Obdachlose, die auf der Straße schlafen, Mütter, die Mahlzeiten ausfallen lassen, um ihre Kinder zu ernähren, Rentner, die auf Mülldeponien nach Pfandflaschen suchen: nichts Ungewöhnliches in Deutschland. Obwohl es eines der reichsten Länder der Welt ist, leben 13,8 Millionen Menschen in Armut oder sind von Armut bedroht. Das ist das Ergebnis des Armuts- und Reichtumsberichts 2022 des Paritätischen Wohlfahrtsverbandes, in dem Träger der Wohlfahrtspflege zusammengeschlossen sind.
Das heißt aber nicht, dass die Menschen in Deutschland im Winter verhungern oder erfrieren müssen, weil sie keine Hilfe bekommen. In den Sozialwissenschaften wird zwischen absoluter Armut, wenn Menschen ihre Grundbedürfnisse nicht befriedigen können, und relativer Armut unterschieden.
Armut: Eine Frage der Definition
Während viele Menschen in den ärmsten Ländern der Welt in absoluter Armut leben, leiden die Menschen in Europa im Allgemeinen unter relativer Armut. Sie müssen mit erheblichen materiellen Einschränkungen leben. Meistens kommen sie damit über die Runden und verzichten auf viele Dinge, die für die meisten Menschen selbstverständlich sind.
Als armutsgefährdet oder arm gilt in der Europäischen Union, wer über weniger als 60 Prozent des Durchschnittseinkommens des jeweiligen Landes verfügt. Wer weniger als 50 Prozent hat, gilt als sehr arm. Für Deutschland bedeutet dies, dass Alleinstehende mit weniger als 1.148 Euro im Monat arm sind. Für Alleinerziehende mit Kleinkind. Dieser Betrag beträgt 1492 Euro und für ein Paar mit zwei kleinen Kindern 2410 Euro. Diese Zahl basiert auf dem Betrag, der nach Abzug von Steuern und Sozialversicherungsbeiträgen sowie staatlichen Leistungen übrig bleibt.
Wie viel Geld braucht man zum Leben in Deutschland?
Deutschland versteht sich als Wohlfahrtsstaat. Wer keine Arbeit findet oder nicht arbeiten kann, erhält finanzielle Hilfen als Grundsicherung, auch Hartz IV genannt. Im Jahr 2020 lebten rund 5,3 Millionen Menschen in Deutschland ganz oder teilweise von Hartz IV.
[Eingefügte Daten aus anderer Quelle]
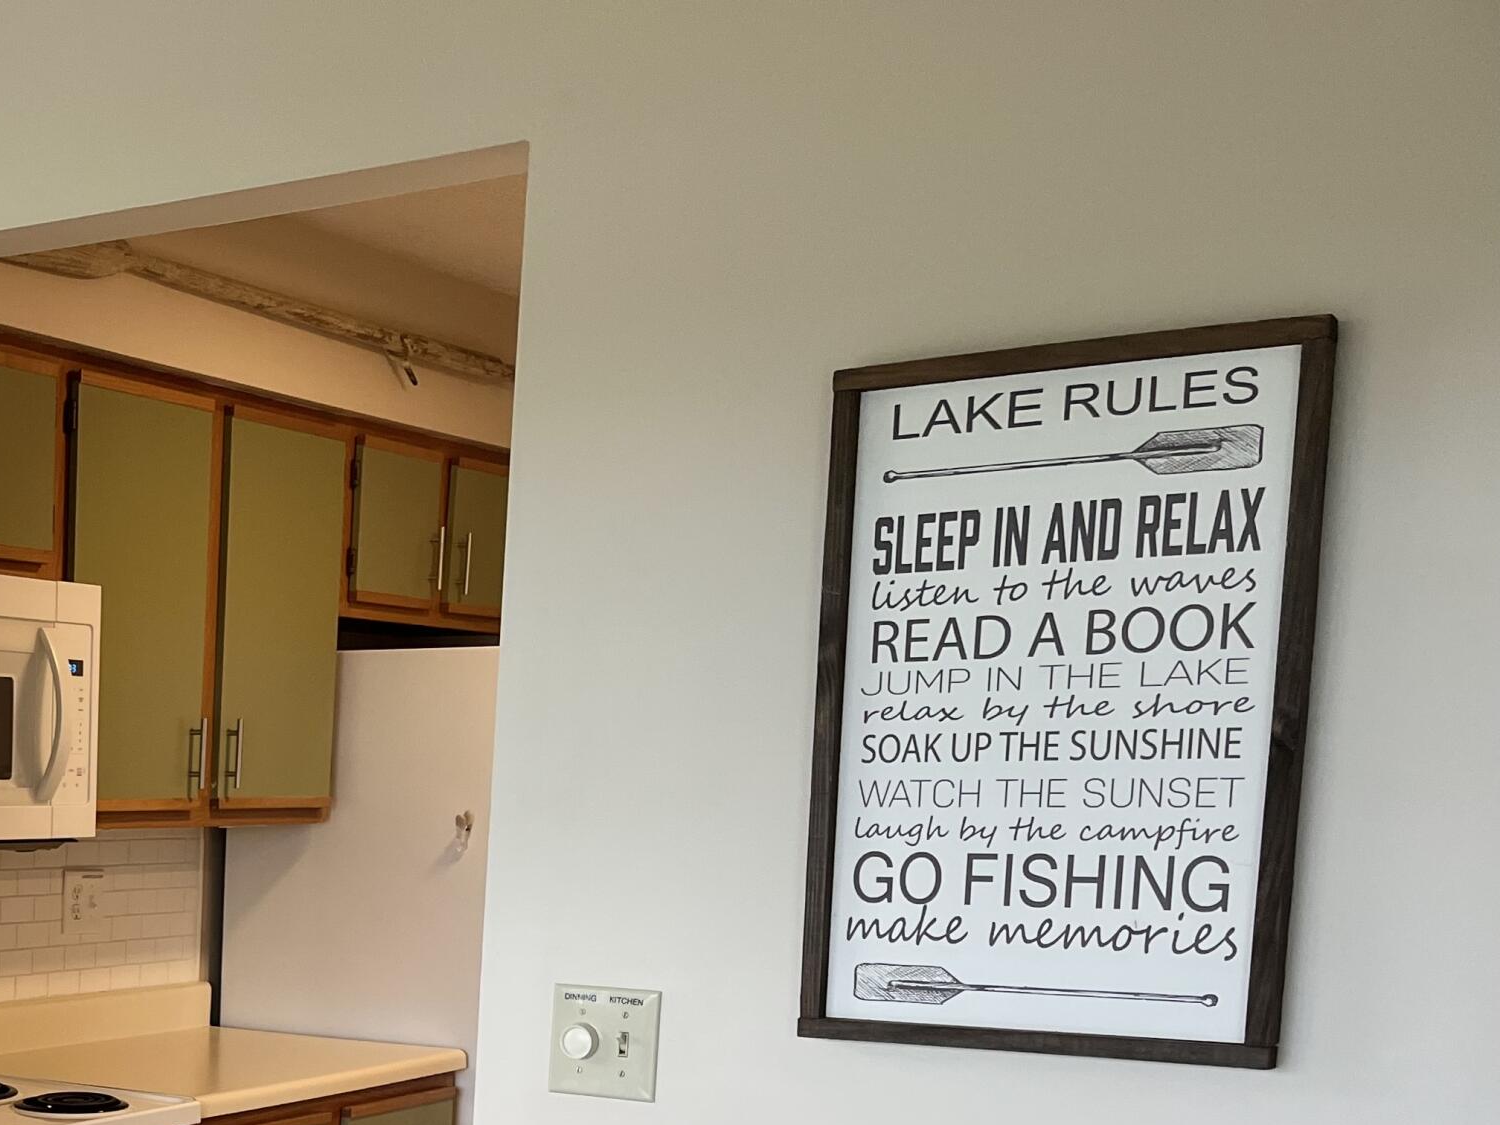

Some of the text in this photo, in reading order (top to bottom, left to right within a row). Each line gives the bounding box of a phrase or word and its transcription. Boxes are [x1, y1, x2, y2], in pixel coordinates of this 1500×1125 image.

[892, 365, 1259, 441] LAKE RULES
[872, 486, 1267, 576] SLEEP IN AND RELAX
[871, 566, 1257, 613] listen to the waves
[871, 601, 1258, 665] READ A BOOK
[860, 657, 1251, 697] JUMP IN THE LAKE
[863, 692, 1256, 727] relax by the shore
[860, 726, 1243, 764] SOAK UP THE SUNSHINE
[858, 776, 1246, 809] WATCH THE SUNSET
[854, 814, 1240, 852] laugh by the campfire
[852, 850, 1231, 913] GO FISHING
[845, 904, 1238, 962] make memories
[609, 996, 644, 1006] KITCHEN
Soziale Hilfswerke kritisieren oft, dass Grundsicherung nicht vor Armut schützt. Aus diesem Grund plant die Bundesregierung ab 2023 eine Anhebung der Regelsätze auf 502 Euro im Monat, was laut Soziologe und Armutsforscher Christoph Butterwež aber nicht ausreichen wird. Um „in Würde“ zu leben und sich zum Beispiel gesund ernähren zu können, braucht man seiner Meinung nach mindestens 650 Euro im Monat.
Nach Angaben des Deutschen Gewerkschaftsbundes leben 1,5 Millionen Kinder von der Grundsicherung „Hartz IV“.
Armut ist auch bei älteren Menschen ein wachsendes Problem. Die Rente ist zu niedrig, auch nach jahrzehntelanger Zugehörigkeit. Eine Studie der Bertelsmann Stiftung zeigt, dass im Jahr 2036 etwa 20 Prozent der Rentner von Altersarmut betroffen sein könnten. Zwar können Menschen mit besonders niedriger Rente Anspruch auf Leistungen der Grundsicherung haben, aber auch Menschen mit schlecht bezahlten Jobs. Viele vermeiden es jedoch, ihre Not einzugestehen. Studien zeigen, dass zwei Drittel der Stipendiaten Stipendien aus Scham ablehnen.
Auch in Deutschland steigt die Zahl der Menschen, die trotz Vollzeitbeschäftigung nicht über die Runden kommen. Der Mindestlohn wurde auf 12 Euro pro Stunde erhöht. Für Alleinstehende ohne Kinder, die 40 Stunden in der Woche arbeiten, liegt das Nettogehalt bei rund 1480 Euro. Obwohl sie nominell über der Armutsgrenze liegen, werden ihre Löhne von der Inflation praktisch aufgezehrt.